Since the MessageEncoder will now support both GZip and Deflate, it would be a good idea to change the name. To do this I did a replace in all files from "GZipMessageEncod" to "MyCompressionMessageEncod":

I did the same thing with "GZipEncoder" to "CompressionEncoder" to change the namespace. I also changed the assembly name in the solution explorer and in the project properties. Then I changed the filenames in the project. You can try to repeat all these steps or just download the finished code.

The first thing that is needed is a switch to flip between GZip and Deflate. Since my plan is to enable more than just GZip and Deflate in later posts, this should be an enum. 

 namespace Microsoft.Samples.CompressionEncoder
{
    public enum CompressionAlgorithm
    {
        GZip,
        Deflate,
    }
}

In order to enable this switch there are a lot of places that have to change. The first thing I'll change is the binding element. This is what is used by WCF to configure the binding.

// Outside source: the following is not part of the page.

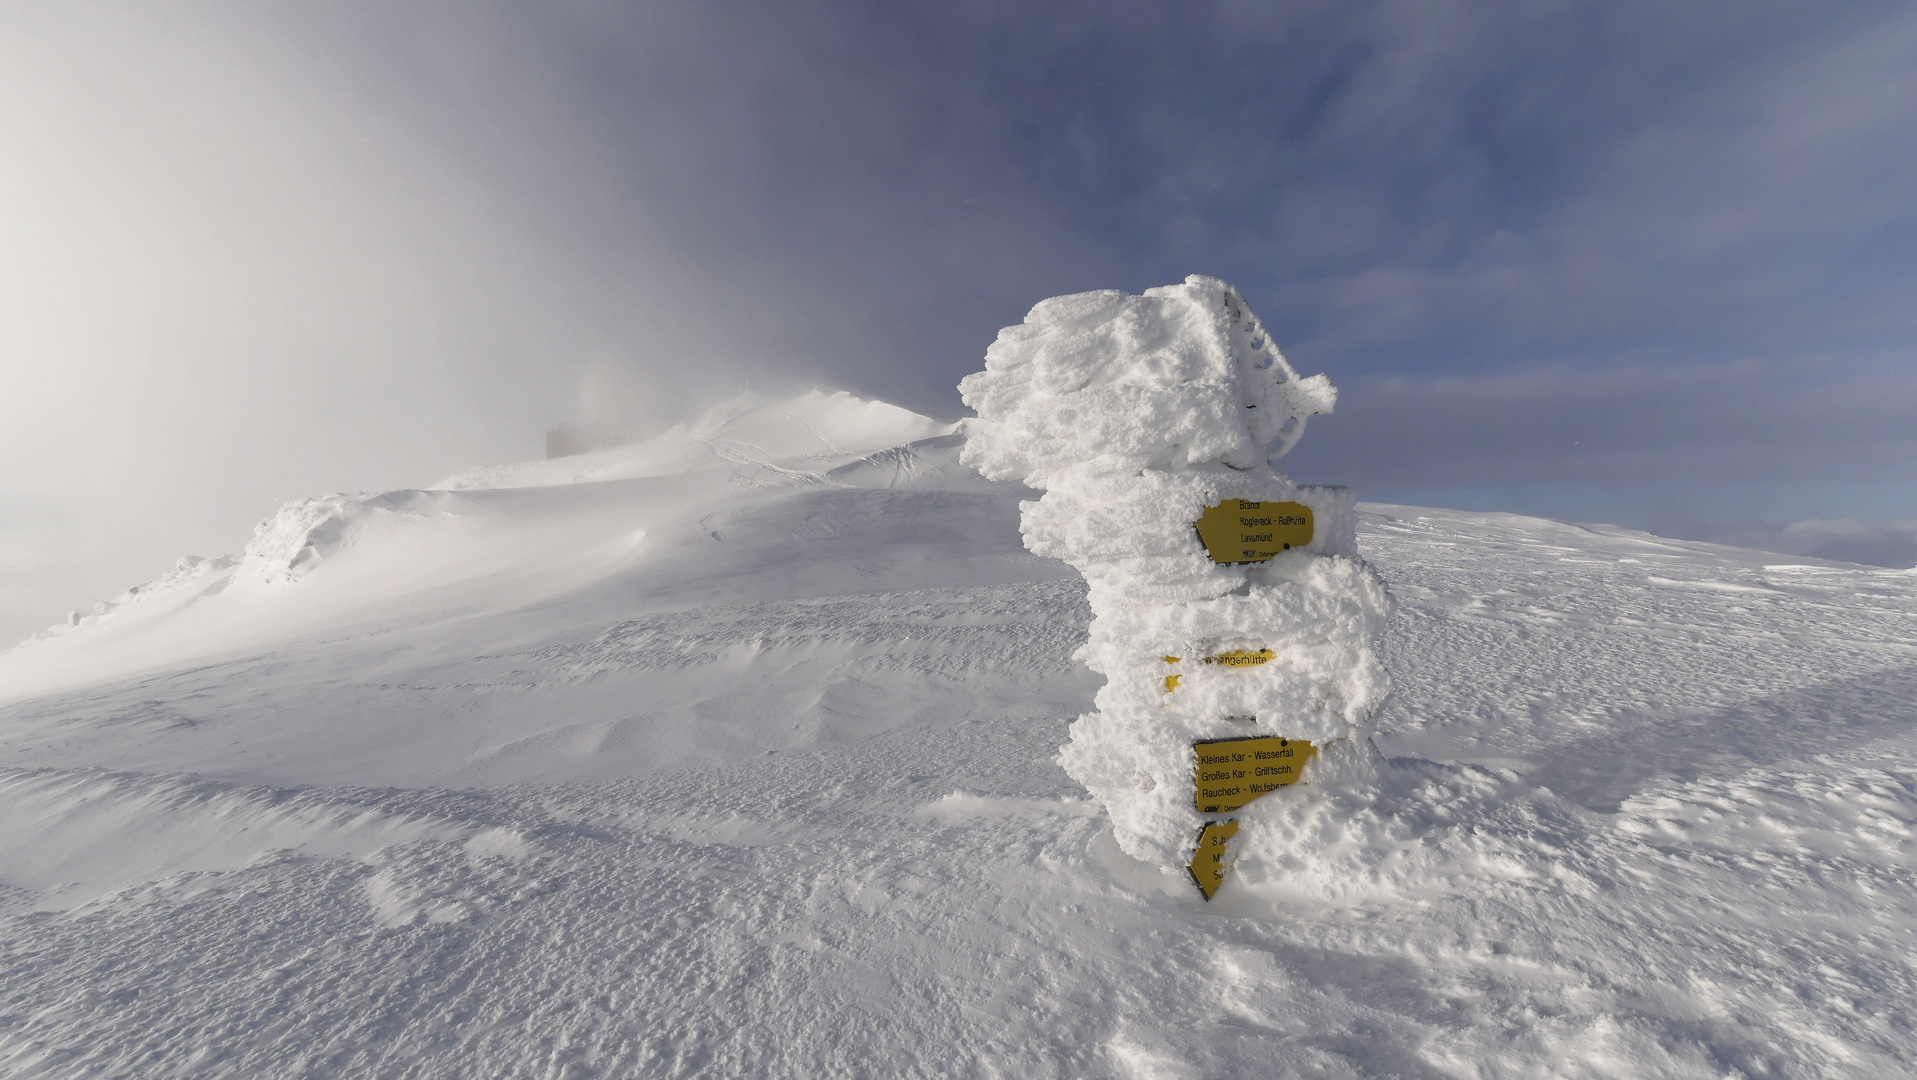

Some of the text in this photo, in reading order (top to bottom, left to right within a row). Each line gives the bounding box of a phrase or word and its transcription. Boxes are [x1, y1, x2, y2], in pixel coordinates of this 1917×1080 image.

 //This is the binding element that, when plugged into a custom binding, will enable the GZip encoder
public sealed class MyCompressionMessageEncodingBindingElement 
                    : MessageEncodingBindingElement //BindingElement
                    , IPolicyExportExtension
{

    //We will use an inner binding element to store information required for the inner encoder
    MessageEncodingBindingElement innerBindingElement;

    CompressionAlgorithm compressionAlgorithm;

    //By default, use the default text encoder as the inner encoder
    public MyCompressionMessageEncodingBindingElement()
        : this(new TextMessageEncodingBindingElement(), CompressionAlgorithm.GZip) { }

    public MyCompressionMessageEncodingBindingElement(
        MessageEncodingBindingElement messageEncoderBindingElement, 
        CompressionAlgorithm compressionAlgorithm)
    {
        this.innerBindingElement = messageEncoderBindingElement;
        this.compressionAlgorithm = compressionAlgorithm;
    }

    public MessageEncodingBindingElement InnerMessageEncodingBindingElement
    {
        get { return innerBindingElement; }
        set { innerBindingElement = value; }
    }

    public CompressionAlgorithm CompressionAlgorithm
    {
        get { return this.compressionAlgorithm; }
        set { this.compressionAlgorithm = value; }
    }

    //Main entry point into the encoder binding element. Called by WCF to get the factory that will create the
    //message encoder
    public override MessageEncoderFactory CreateMessageEncoderFactory()
    {
        return new MyCompressionMessageEncoderFactory(
            innerBindingElement.CreateMessageEncoderFactory(), 
            this.compressionAlgorithm);
    }
   
    public override MessageVersion MessageVersion
    {
        get { return innerBindingElement.MessageVersion; }
        set { innerBindingElement.MessageVersion = value; }
    }

    public override BindingElement Clone()
    {
        return new MyCompressionMessageEncodingBindingElement(this.innerBindingElement, 
            this.compressionAlgorithm);
    }

The CreateMessageEncoderFactory method now tries to pass in the compression setting. It is a typical factory pattern as the name suggests so it used to create all the MyCompressionMessageEncoder objects.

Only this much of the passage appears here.